■ **What the task asks**:
Keep the wording of the records intact as you retype them, and omit every image.

■ **Exercise material**:
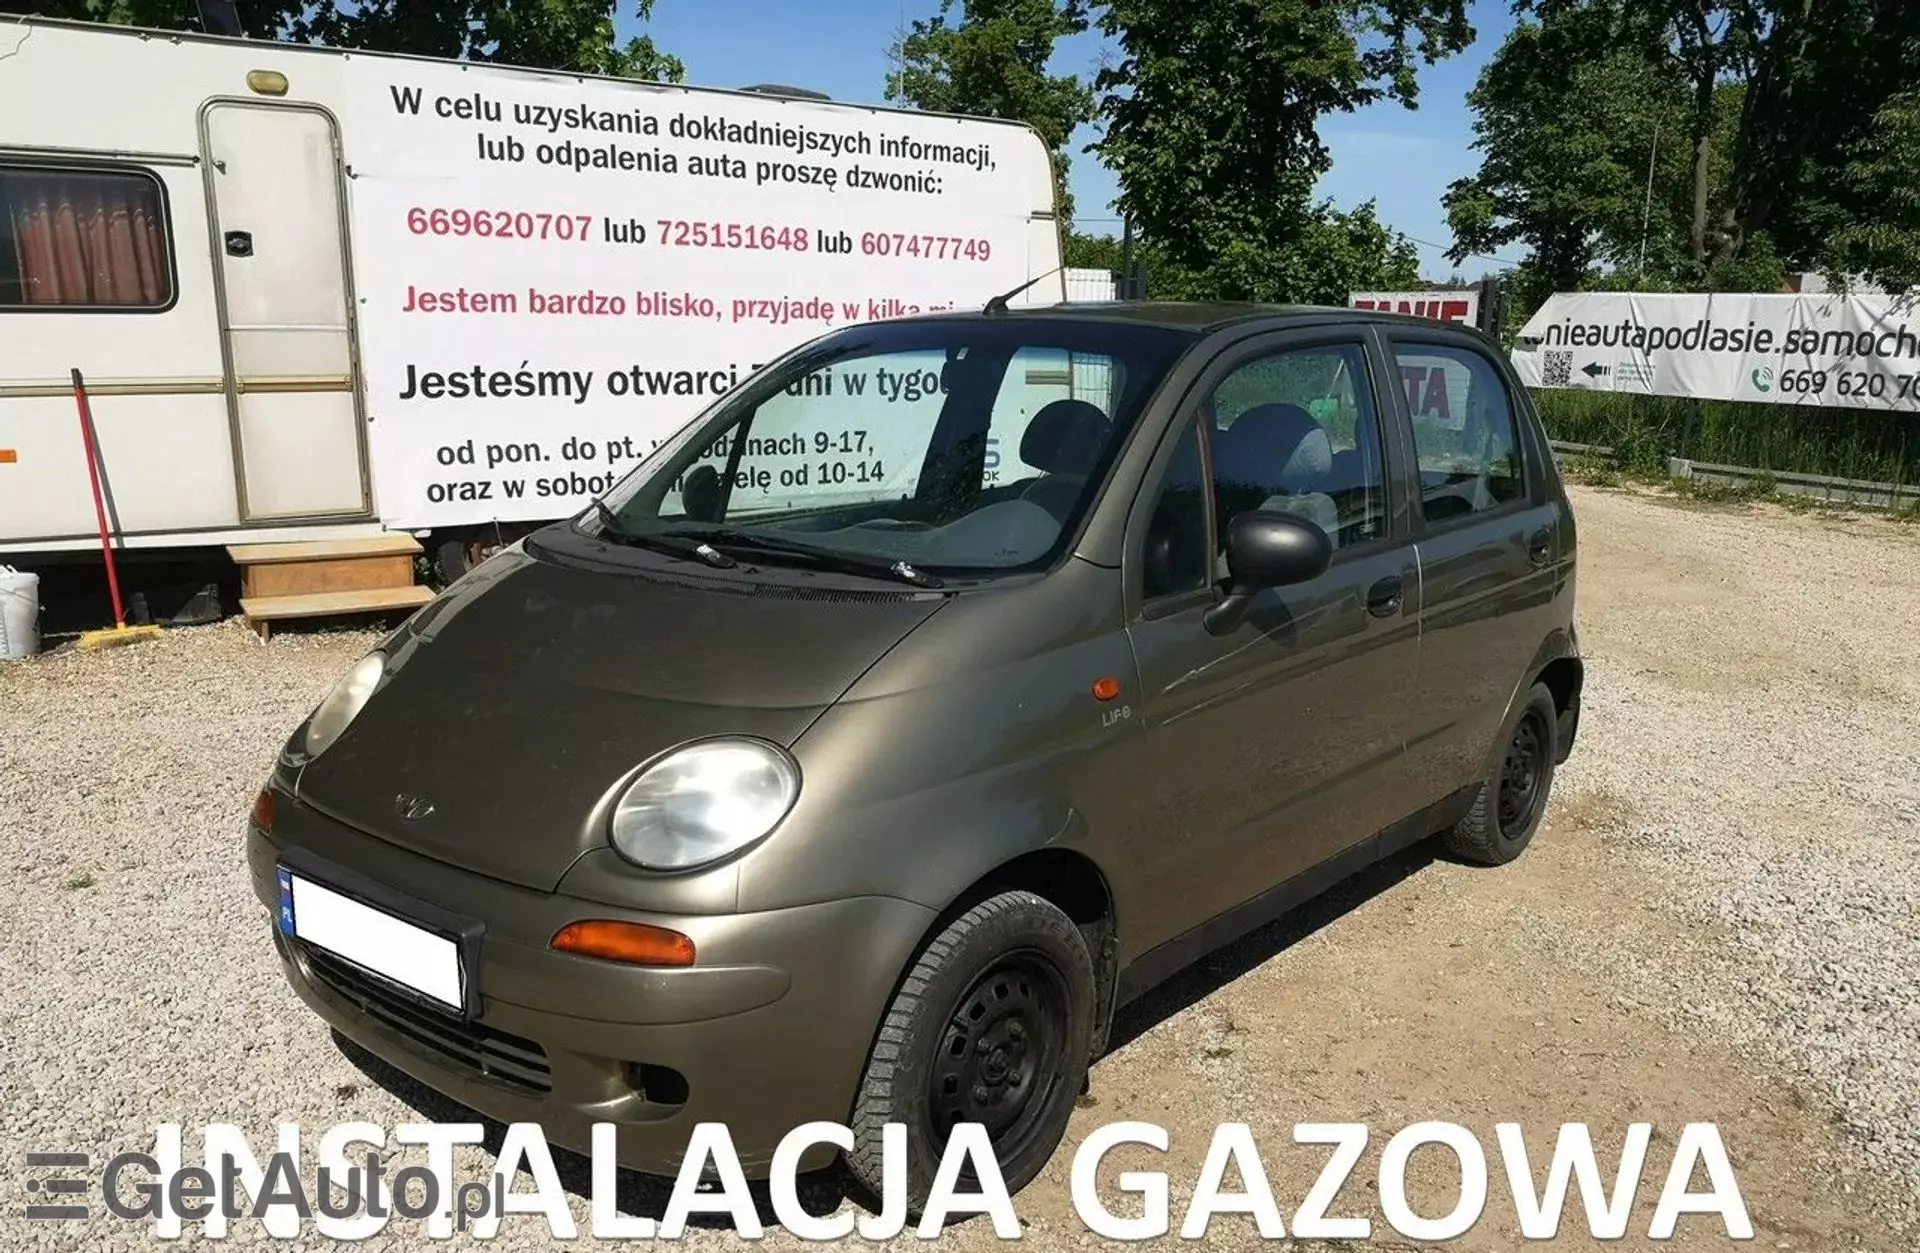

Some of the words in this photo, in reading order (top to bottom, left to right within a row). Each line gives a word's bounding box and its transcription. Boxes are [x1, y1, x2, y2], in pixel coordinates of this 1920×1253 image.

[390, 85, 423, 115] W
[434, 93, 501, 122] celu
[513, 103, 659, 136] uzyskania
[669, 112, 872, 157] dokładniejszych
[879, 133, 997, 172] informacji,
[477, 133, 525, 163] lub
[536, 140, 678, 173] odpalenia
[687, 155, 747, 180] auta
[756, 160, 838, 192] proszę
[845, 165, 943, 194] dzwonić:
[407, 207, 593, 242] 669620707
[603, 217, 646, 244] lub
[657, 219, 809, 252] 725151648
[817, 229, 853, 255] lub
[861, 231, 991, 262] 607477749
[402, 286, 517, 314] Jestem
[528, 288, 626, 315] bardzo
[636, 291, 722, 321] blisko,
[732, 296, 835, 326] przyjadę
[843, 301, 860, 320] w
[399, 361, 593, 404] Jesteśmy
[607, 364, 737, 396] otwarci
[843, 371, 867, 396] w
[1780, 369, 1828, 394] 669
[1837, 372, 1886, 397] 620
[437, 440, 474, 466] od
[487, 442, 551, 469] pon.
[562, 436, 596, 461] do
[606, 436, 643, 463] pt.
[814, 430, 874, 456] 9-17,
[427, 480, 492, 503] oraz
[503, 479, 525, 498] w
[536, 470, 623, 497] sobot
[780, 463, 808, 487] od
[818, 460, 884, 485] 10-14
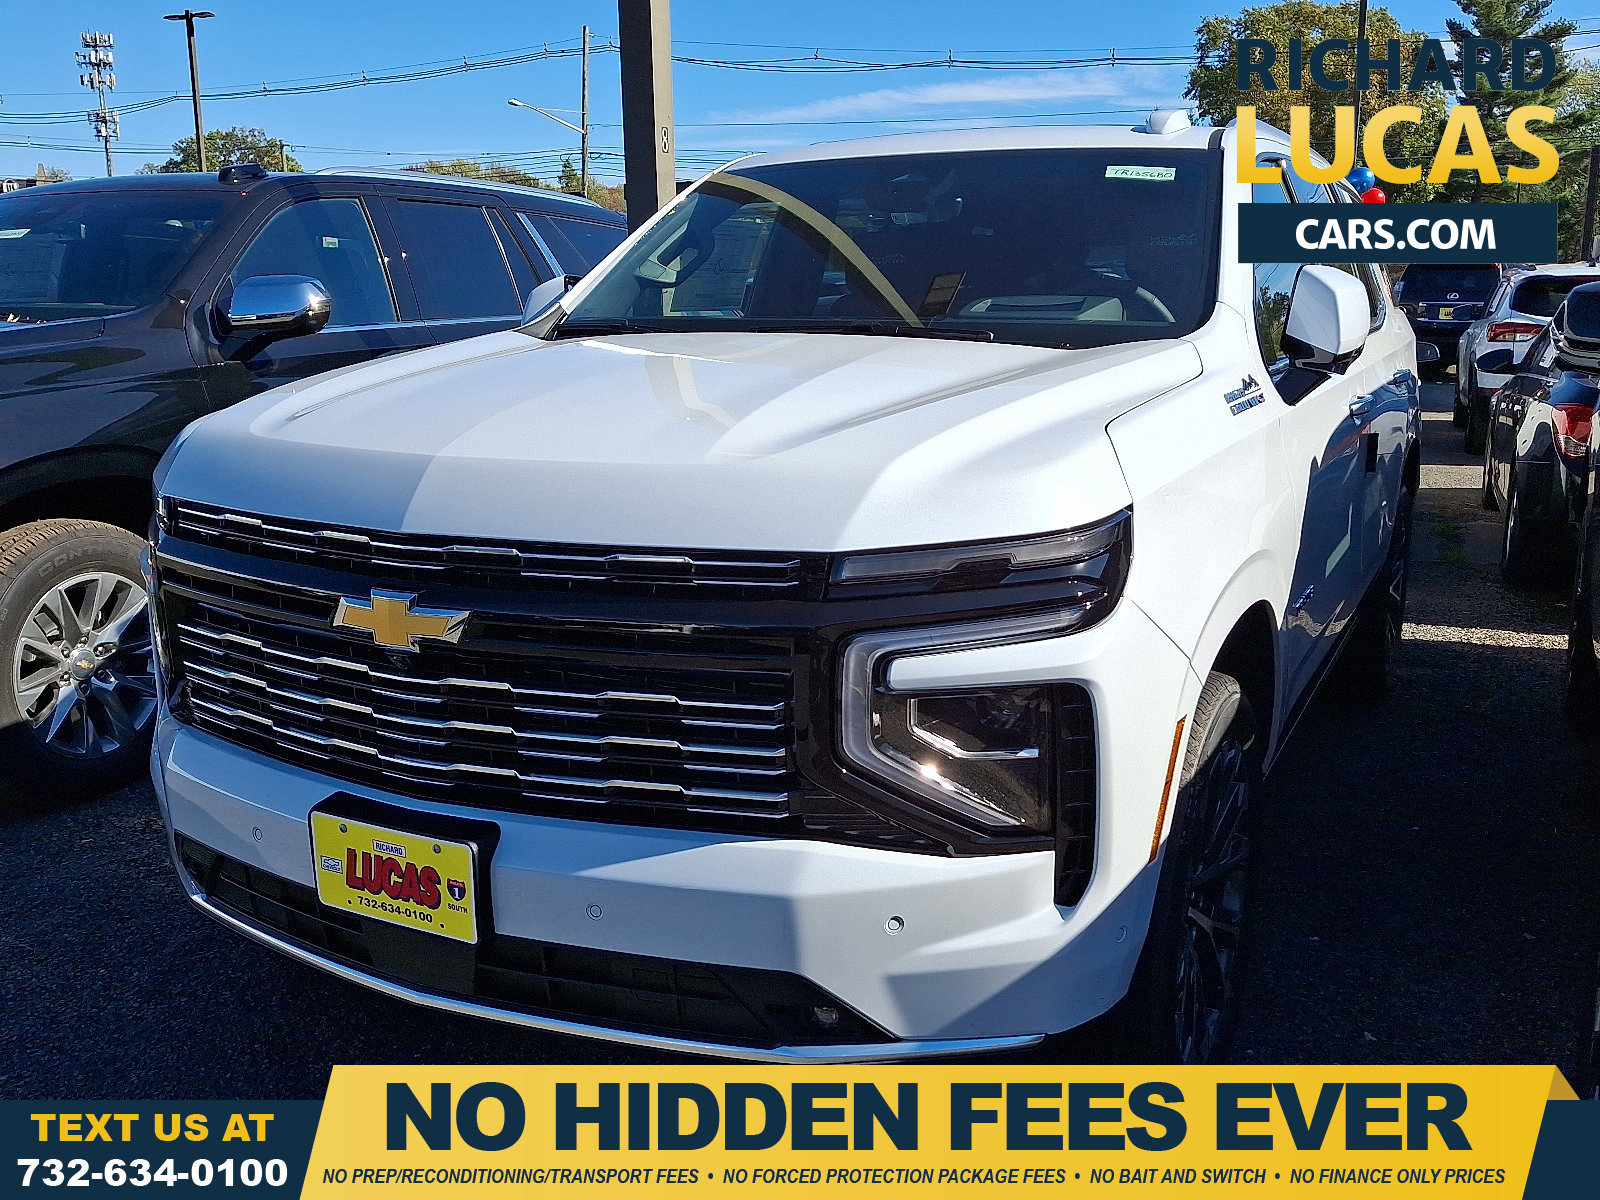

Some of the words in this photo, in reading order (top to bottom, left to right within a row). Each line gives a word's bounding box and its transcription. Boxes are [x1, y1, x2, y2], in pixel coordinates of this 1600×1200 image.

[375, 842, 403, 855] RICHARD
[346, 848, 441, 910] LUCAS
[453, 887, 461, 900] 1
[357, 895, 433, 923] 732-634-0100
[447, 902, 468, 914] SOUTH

■ **Result**:
Some of the words in this photo, in reading order (top to bottom, left to right within a row). Each line gives a word's bounding box and its transcription. Boxes are [x1, y1, x2, y2], in pixel coordinates of this 1920×1253 image.

[390, 85, 423, 115] W
[434, 93, 501, 122] celu
[513, 103, 659, 136] uzyskania
[669, 112, 872, 157] dokładniejszych
[879, 133, 997, 172] informacji,
[477, 133, 525, 163] lub
[536, 140, 678, 173] odpalenia
[687, 155, 747, 180] auta
[756, 160, 838, 192] proszę
[845, 165, 943, 194] dzwonić:
[407, 207, 593, 242] 669620707
[603, 217, 646, 244] lub
[657, 219, 809, 252] 725151648
[817, 229, 853, 255] lub
[861, 231, 991, 262] 607477749
[402, 286, 517, 314] Jestem
[528, 288, 626, 315] bardzo
[636, 291, 722, 321] blisko,
[732, 296, 835, 326] przyjadę
[843, 301, 860, 320] w
[399, 361, 593, 404] Jesteśmy
[607, 364, 737, 396] otwarci
[843, 371, 867, 396] w
[1780, 369, 1828, 394] 669
[1837, 372, 1886, 397] 620
[437, 440, 474, 466] od
[487, 442, 551, 469] pon.
[562, 436, 596, 461] do
[606, 436, 643, 463] pt.
[814, 430, 874, 456] 9-17,
[427, 480, 492, 503] oraz
[503, 479, 525, 498] w
[536, 470, 623, 497] sobot
[780, 463, 808, 487] od
[818, 460, 884, 485] 10-14

Some of the words in this photo, in reading order (top to bottom, left to right within a row). Each line gives a word's bounding box and its transcription. Boxes are [x1, y1, x2, y2], in pixel coordinates of this 1600×1200 image.

[375, 842, 403, 855] RICHARD
[346, 848, 441, 910] LUCAS
[453, 887, 461, 900] 1
[357, 895, 433, 923] 732-634-0100
[447, 902, 468, 914] SOUTH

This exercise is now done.